======== DATA EXCERPTS

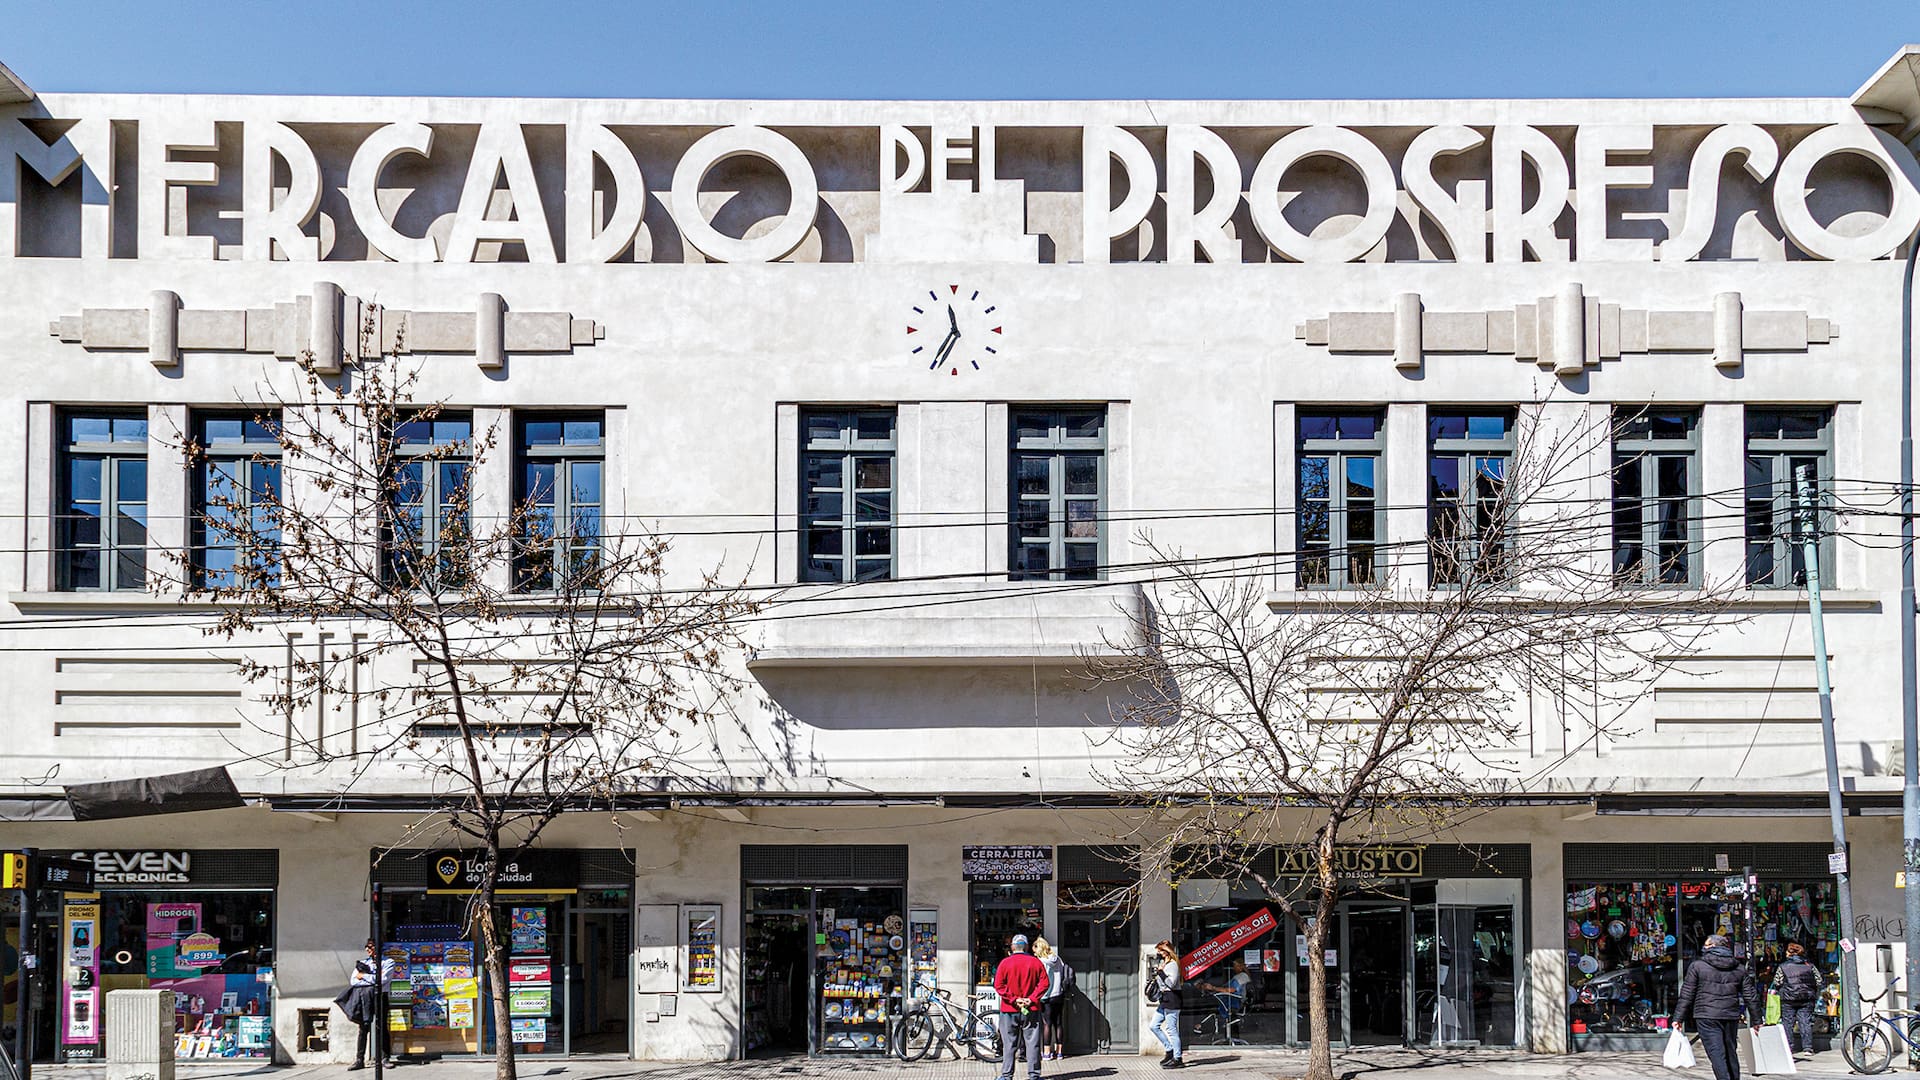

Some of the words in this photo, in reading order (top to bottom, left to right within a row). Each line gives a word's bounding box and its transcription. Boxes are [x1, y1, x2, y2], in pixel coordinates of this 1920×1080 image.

[0, 119, 820, 263] MERCADO
[880, 124, 1025, 194] DEL
[1082, 121, 1920, 263] PROGRESO
[971, 850, 1044, 858] CERRAJERIA
[94, 873, 190, 883] ECTRONICS
[466, 873, 480, 882] de
[155, 909, 197, 917] HIDROGEL
[1230, 924, 1251, 939] 50%
[1251, 914, 1269, 928] OFF
[1193, 941, 1219, 959] PROMO
[193, 951, 213, 960] 899
[74, 969, 89, 981] 12

================

» ASSIGNMENT
Each entry above is to be duplicated exactly, and its pictures omitted.

» ANSWER
Some of the words in this photo, in reading order (top to bottom, left to right within a row). Each line gives a word's bounding box and its transcription. Boxes are [x1, y1, x2, y2], in pixel coordinates of this 1920×1080 image.

[0, 119, 820, 263] MERCADO
[880, 124, 1025, 194] DEL
[1082, 121, 1920, 263] PROGRESO
[971, 850, 1044, 858] CERRAJERIA
[94, 873, 190, 883] ECTRONICS
[466, 873, 480, 882] de
[155, 909, 197, 917] HIDROGEL
[1230, 924, 1251, 939] 50%
[1251, 914, 1269, 928] OFF
[1193, 941, 1219, 959] PROMO
[193, 951, 213, 960] 899
[74, 969, 89, 981] 12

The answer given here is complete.